Dr. Ludovic Plee
FAO Emergency Management Centre
Italy
Biosketch
Dr. Ludovic Plée has been serving as Manager of the FAO Emergency Management Centre (EMC) in Rome since 2019. The EMC is leading, with the support of FAO technical units and the Office of Emergency and Resilience, global, regional and national activities to increase emergency management capabilities for better resilience and response to agri-food systems threats affecting livelihoods. Prior to managing the FAO EMC, from 2016 to 2019, Dr. Plée served as Project Manager in the FAO office in Jerusalem, working on Sanitary and Phytosanitary capacity development for the West Bank and the Gaza Strip. He was before then, from 2009 to 2016, assigned as a Response Planning officer to the FAO Crisis Management Center for Animal Health (previous EMC name), seconded by the French Ministry of Agriculture. He was deployed in many emergency response missions on various transboundary animal diseases outbreaks (zoonotic and non-zoonotic) as well as training national veterinary officers in FAO countries on good emergency management practice as well as on contingency planning. From 2006 to 2009, he worked in the French Food Safety Agency in Maisons-Alfort, France, as an emergency qualitative risk assessor on animal health issues affecting public health and food safety and, from 2003 to 2006, was a Veterinary Advisor in Paris, France, for the headquarters of the main Farmers Group, les Groupements de Défense Sanitaire (or GDS), especially on veterinary legislation, risk communication and disease awareness. He also serves as a lecturer in the French veterinary school in Nantes and in the French School of the Veterinary Services in Lyon on qualitative risk assessment and emergency management. Dr. Plée earned a Diploma of Veterinary Medicine from the Veterinary School in Nantes, France, and a Masters of Science in Epidemiology and Environmental Health with honours at Colorado States University, Fort Collins, CO, USA.
Abstract
Shifting the emergency management paradigm towards a system-wide approach to be better prepared to the risk of emerging or re-emerging health threats.
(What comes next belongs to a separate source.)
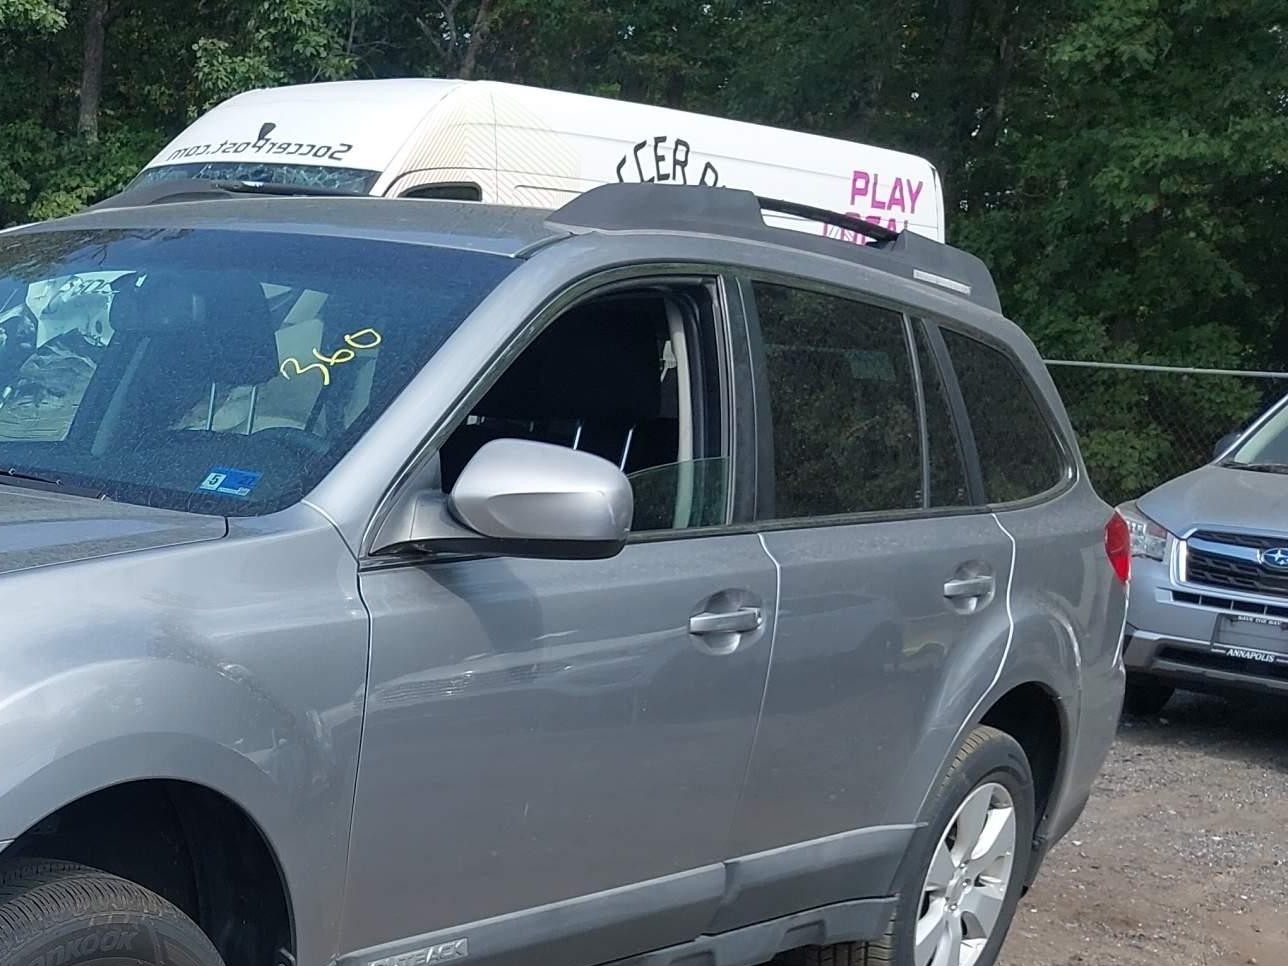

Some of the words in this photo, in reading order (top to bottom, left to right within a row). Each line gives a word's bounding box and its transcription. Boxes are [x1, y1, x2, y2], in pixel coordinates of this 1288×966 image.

[850, 170, 923, 214] PLAY
[280, 328, 381, 386] 360
[1226, 649, 1275, 663] ANNAPOLIS
• Lessons learnt from the global COVID-19 response highlighted the lack of effective emergency preparedness mechanisms. Each emergency operation system worked independently and was confined within national borders and disciplinary silos impeding a coordinated response capacity to address this new challenge at the pace and scale required.
• Data from the Food and Agriculture Organization of the United Nations (FAO) Progressive Pathway for Emergency Preparedness (PPEP), a self-assessment process and tool that has been applied by over 60 FAO member countries to assess their animal health emergency preparedness since its launch in May 2022, showed that the vast majority of participating countries are still unprepared for potential threats.
• The global challenge to better prepare for the next pandemic remains. Preparedness for any emerging threat requires a shift in classical views and paradigms. Emergency management systems, like other systems, should be adaptable and evolve from traditional siloed and single-threat approaches which lack flexibility during crises, to system-wide integrated approaches with increased efficiency and adaptability to future and emerging threats.
• Integrated, adaptive systems will allow countries, regions and the world not only to effectively address current and emerging threats but will likely be more resource-efficient to address the emerging threats arising from global crises.